The metabolism of 3,4-methylenedioxymethamphetamine (MDMA, ecstasy) has recently been implicated in the mechanisms underlying ecstasy-induced neurotoxicity and hepatotoxicity. However, its potential role in ecstasy-induced kidney toxicity has yet to be investigated. Thus, primary cultures of rat and human renal proximal tubular cells (PTCs) were used to investigate the cytotoxicity induced by MDMA and its metabolites methylenedioxyamphetamine (MDA), alpha-methyldopamine (alpha-MeDA), and the glutathione (GSH) conjugates 5-(glutathion- S-yl)-alpha-MeDA and 2,5- bis(glutathion- S-yl)-alpha-MeDA. Cell viability was evaluated using the mitochondrial MTT [3-(4,5-dimethylthiazol-2-yl)-2,5-diphenyltetrazolium bromide] assay. MDMA and MDA were not found to be toxic to either rat or human PTCs at any concentration tested (100-800 micro M). In contrast, 800 micro M alpha-MeDA caused 60% and 40% cell death in rat and human PTCs, respectively. Conjugation of alpha-MeDA with GSH resulted in the formation of even more potent nephrotoxicants. Thus, exposure of rat and human PTC monolayers to 400 micro M 5-(glutathion- S-yl)-alpha-MeDA caused approximately 80% and 70% cell death, respectively. 5-(Glutathion- S-yl)-alpha-MeDA (400 micro M) was more toxic than 2,5- bis(glutathion- S-yl)-alpha-MeDA to rat renal PTCs but equally potent in human renal PTCs. Pre-incubation of rat PTCs with either acivicin, an inhibitor of gamma-glutamyl transpeptidase (gamma-GT), or bestatin, an inhibitor of aminopeptidase M, resulted in increased toxicity of 5-(glutathion- S-yl)-alpha-MeDA but had no effect on 2,5- bis(glutathion- S-yl)-alpha-MeDA-mediated cytotoxicity. The present data provide evidence that metabolism is required for the expression of MDMA-induced renal toxicity in vitro. In addition, metabolism of 5-(glutathion- S-yl)-alpha-MeDA by gamma-GT and aminopeptidase M to the corresponding cystein- S-yl-glycine and/or cystein- S-yl conjugates is likely to be associated with detoxication of this compound. Thus, it appears that toxicity induced by thioether metabolites of ecstasy at the apical membrane of renal proximal tubular cells is the result of extracellular events, presumably redox cycling.

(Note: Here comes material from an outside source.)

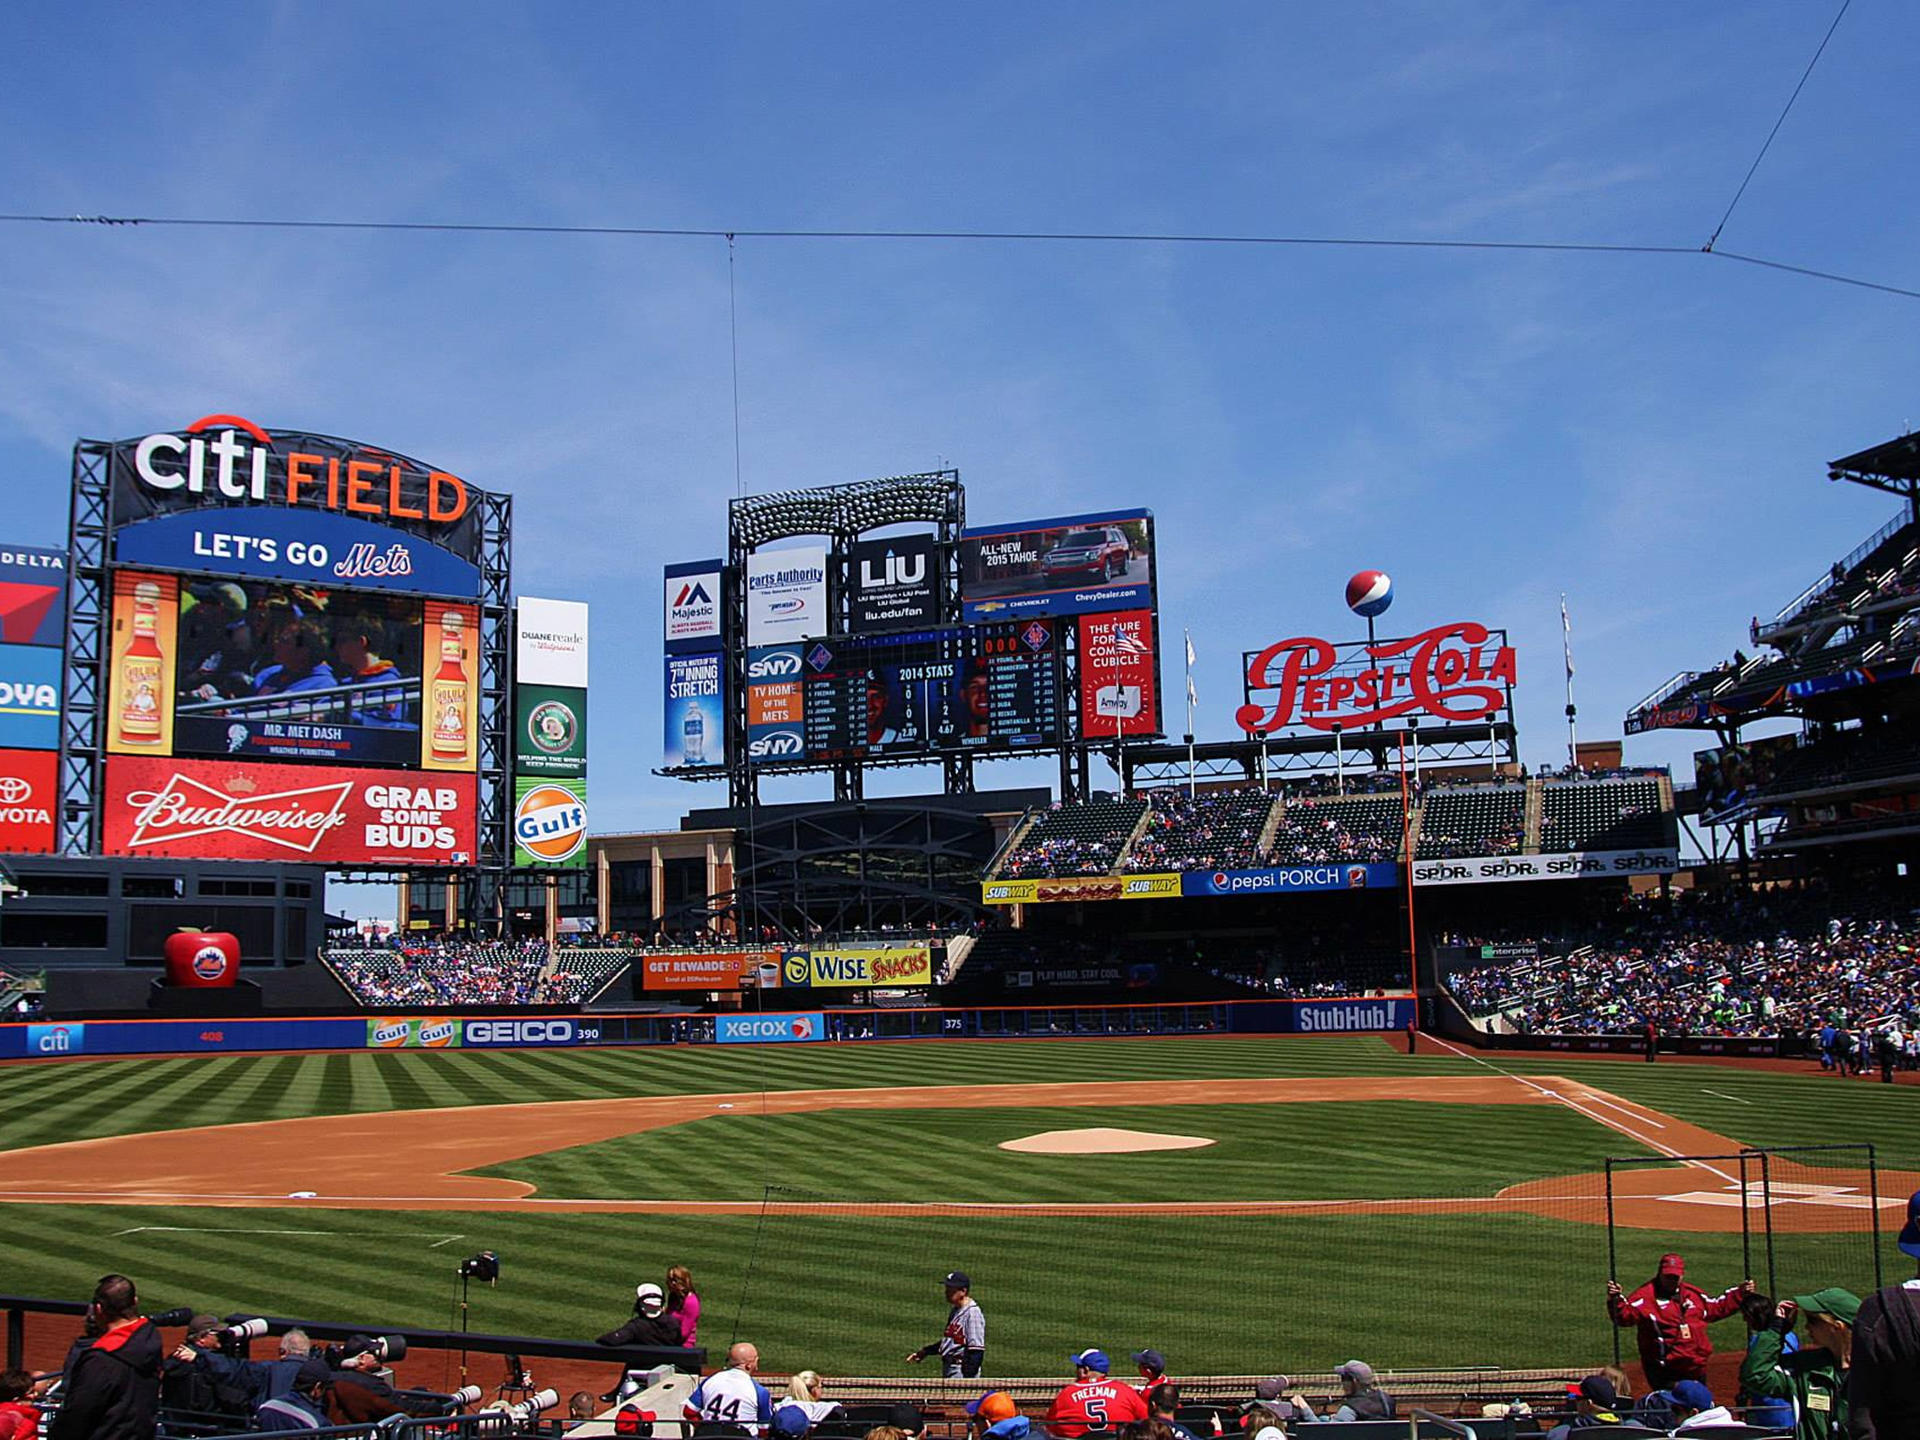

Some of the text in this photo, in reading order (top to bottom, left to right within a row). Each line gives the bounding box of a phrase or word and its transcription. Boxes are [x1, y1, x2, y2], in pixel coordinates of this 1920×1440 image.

3,4-亚甲基二氧甲基苯丙胺(MDMA,摇头丸)的代谢最近被认为与摇头丸诱导的神经毒性和肝毒性的潜在机制有关。然而,其在摇头丸诱导的肾毒性中的潜在作用尚未得到研究。因此,使用大鼠和人肾近端小管细胞(PTCs)的原代培养物来研究MDMA及其代谢产物亚甲基二氧苯丙胺(MDA)、α-甲基多巴胺(α-MeDA)以及谷胱甘肽(GSH)缀合物5-(谷胱甘肽-S-基)-α-MeDA和2,5-双(谷胱甘肽-S-基)-α-MeDA诱导的细胞毒性。使用线粒体MTT [3-(4,5-二甲基噻唑-2-基)-2,5-二苯基四氮唑溴盐] 测定法评估细胞活力。在所测试的任何浓度(100 - 800 μM)下,未发现MDMA和MDA对大鼠或人PTCs有毒性。相比之下,800 μM的α-MeDA分别导致大鼠和人PTCs中60%和40%的细胞死亡。α-MeDA与GSH的缀合导致形成更强效的肾毒性物质。因此,将大鼠和人PTC单层暴露于400 μM的5-(谷胱甘肽-S-基)-α-MeDA分别导致约80%和70%的细胞死亡。5-(谷胱甘肽-S-基)-α-MeDA(400 μM)对大鼠肾PTCs的毒性比2,5-双(谷胱甘肽-S-基)-α-MeDA更大,但在人肾PTCs中效力相同。用γ-谷氨酰转肽酶(γ-GT)抑制剂阿西维辛或氨肽酶M抑制剂贝司他汀预孵育大鼠PTCs会导致5-(谷胱甘肽-S-基)-α-MeDA的毒性增加,但对2,5-双(谷胱甘肽-S-基)-α-MeDA介导的细胞毒性没有影响。目前的数据提供了证据表明在体外MDMA诱导的肾毒性的表达需要代谢。此外,γ-GT和氨肽酶M将5-(谷胱甘肽-S-基)-α-MeDA代谢为相应的半胱氨酸-S-基-甘氨酸和/或半胱氨酸-S-基缀合物可能与该化合物的解毒有关。因此,看来摇头丸的硫醚代谢产物在肾近端小管细胞顶端膜诱导的毒性是细胞外事件的结果,大概是氧化还原循环。